# What you should do:
The result should be a faithful copy of every entry below, with the pictures left out.

- - - - -

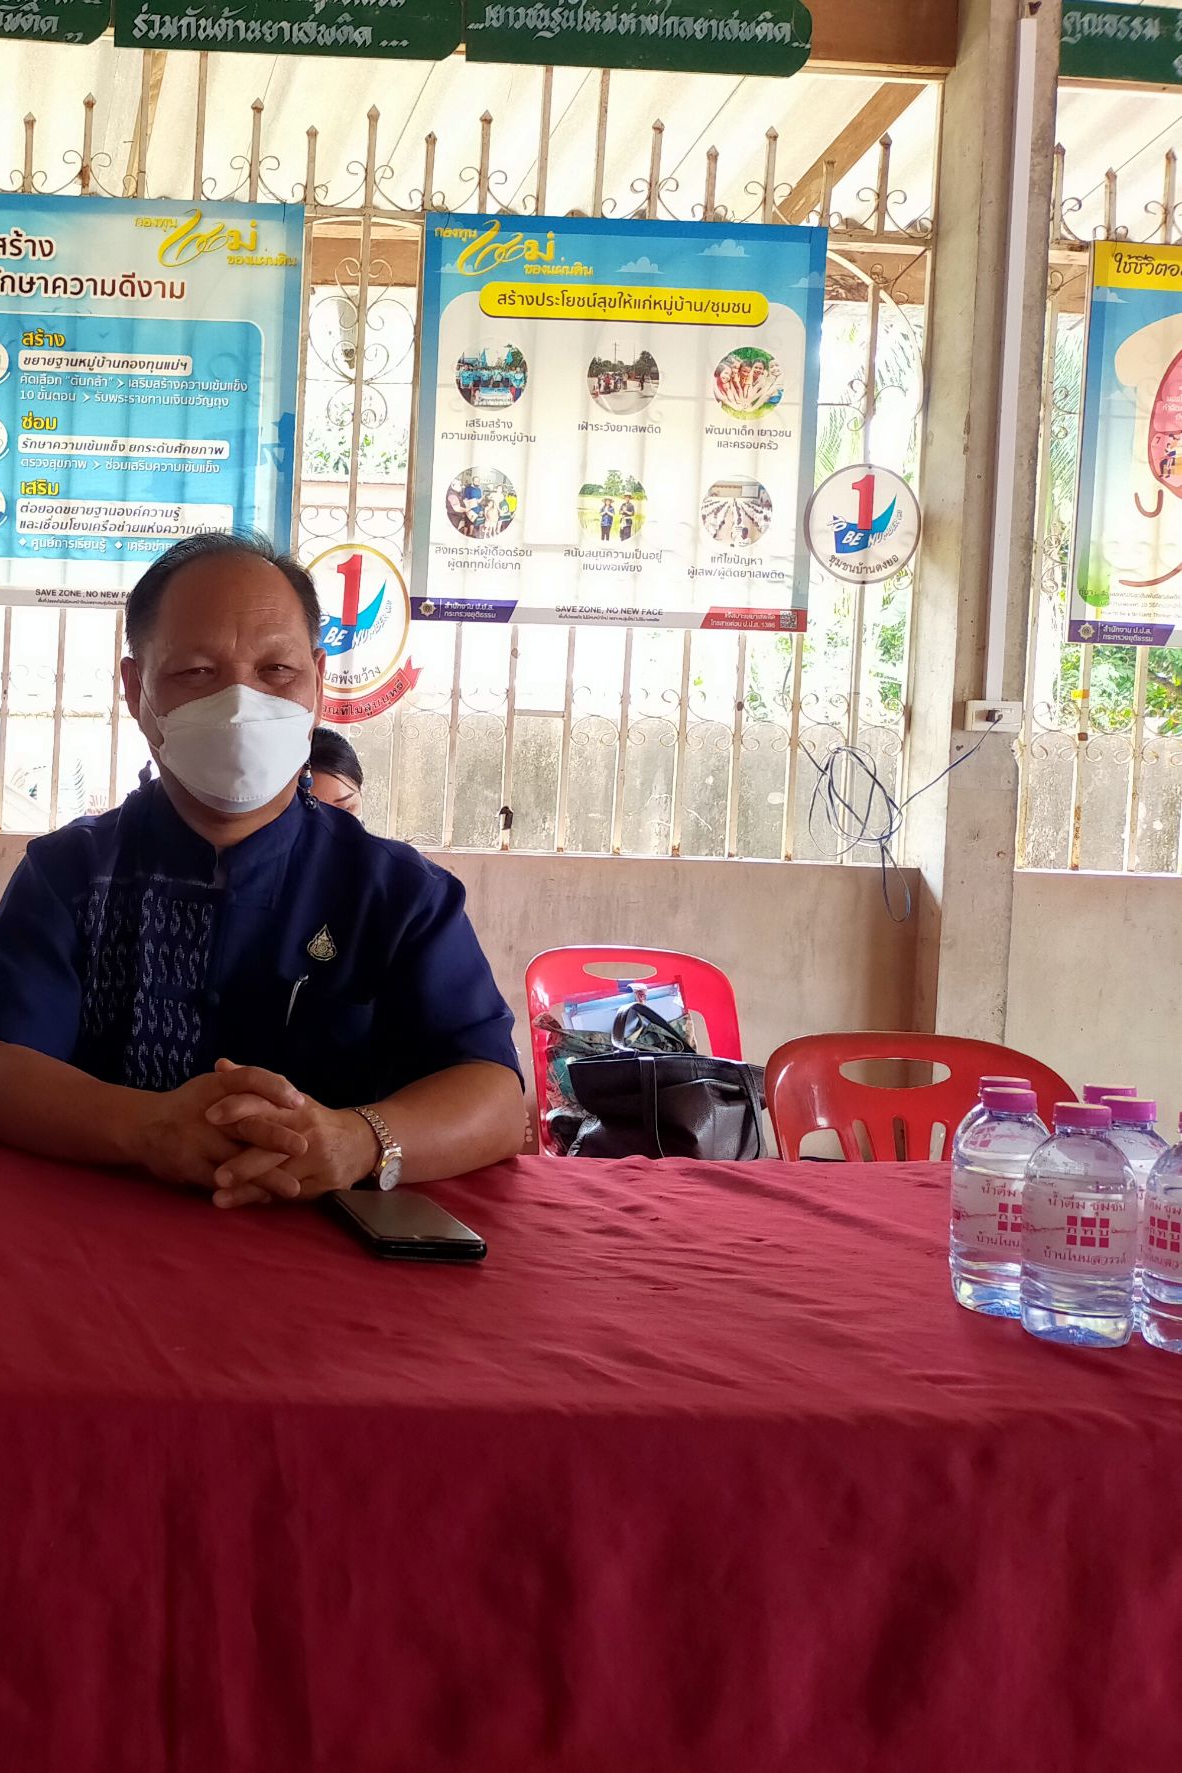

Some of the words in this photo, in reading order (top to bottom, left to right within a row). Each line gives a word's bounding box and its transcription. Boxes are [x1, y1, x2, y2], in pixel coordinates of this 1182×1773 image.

[1114, 252, 1182, 277] ใช้ชีวิตอ
[497, 289, 752, 317] สร้างประโยชน์สุขให้แก่หมู่บ้าน/ชุมชน
[22, 328, 66, 348] สร้าง
[23, 355, 188, 374] ขยายฐานหมู่บ้านกองทุนแม่ฯ
[20, 390, 34, 400] 10
[37, 386, 76, 402] ขั้นตอน
[21, 411, 58, 431] ซ่อม
[465, 416, 514, 430] เสริมสร้าง
[578, 420, 662, 435] เฝ้าระวังยาเสพติด
[441, 430, 537, 446] ความเข้มแข็งหมู่บ้าน
[705, 423, 755, 438] พัฒนาเด็ก
[757, 428, 792, 438] เยาวชน
[21, 437, 126, 452] รักษาความเข้มแข็ง
[128, 440, 225, 456] ยกระดับศักยภาพ
[717, 438, 779, 452] และครอบครัว
[20, 458, 87, 472] ตรวจสุขภาพ
[21, 478, 60, 496] เสริม
[851, 474, 875, 531] 1
[20, 502, 181, 522] ต่อยอดขยายฐานองค์ความรู้
[31, 536, 107, 553] ศูนย์การเรียนรู้
[841, 530, 865, 546] BE
[710, 552, 763, 567] แก้ไขปัญหา
[35, 588, 57, 597] SAVE
[85, 590, 99, 599] NO
[100, 590, 120, 599] NEW
[336, 553, 363, 627] 1
[555, 605, 577, 613] SAVE
[620, 607, 639, 615] NEW
[641, 608, 664, 616] FACE
[323, 626, 348, 647] BE

- - - - -

# Solution to this task:
Some of the words in this photo, in reading order (top to bottom, left to right within a row). Each line gives a word's bounding box and its transcription. Boxes are [x1, y1, x2, y2], in pixel coordinates of this 1182×1773 image.

[1114, 252, 1182, 277] ใช้ชีวิตอ
[497, 289, 752, 317] สร้างประโยชน์สุขให้แก่หมู่บ้าน/ชุมชน
[22, 328, 66, 348] สร้าง
[23, 355, 188, 374] ขยายฐานหมู่บ้านกองทุนแม่ฯ
[20, 390, 34, 400] 10
[37, 386, 76, 402] ขั้นตอน
[21, 411, 58, 431] ซ่อม
[465, 416, 514, 430] เสริมสร้าง
[578, 420, 662, 435] เฝ้าระวังยาเสพติด
[441, 430, 537, 446] ความเข้มแข็งหมู่บ้าน
[705, 423, 755, 438] พัฒนาเด็ก
[757, 428, 792, 438] เยาวชน
[21, 437, 126, 452] รักษาความเข้มแข็ง
[128, 440, 225, 456] ยกระดับศักยภาพ
[717, 438, 779, 452] และครอบครัว
[20, 458, 87, 472] ตรวจสุขภาพ
[21, 478, 60, 496] เสริม
[851, 474, 875, 531] 1
[20, 502, 181, 522] ต่อยอดขยายฐานองค์ความรู้
[31, 536, 107, 553] ศูนย์การเรียนรู้
[841, 530, 865, 546] BE
[710, 552, 763, 567] แก้ไขปัญหา
[35, 588, 57, 597] SAVE
[85, 590, 99, 599] NO
[100, 590, 120, 599] NEW
[336, 553, 363, 627] 1
[555, 605, 577, 613] SAVE
[620, 607, 639, 615] NEW
[641, 608, 664, 616] FACE
[323, 626, 348, 647] BE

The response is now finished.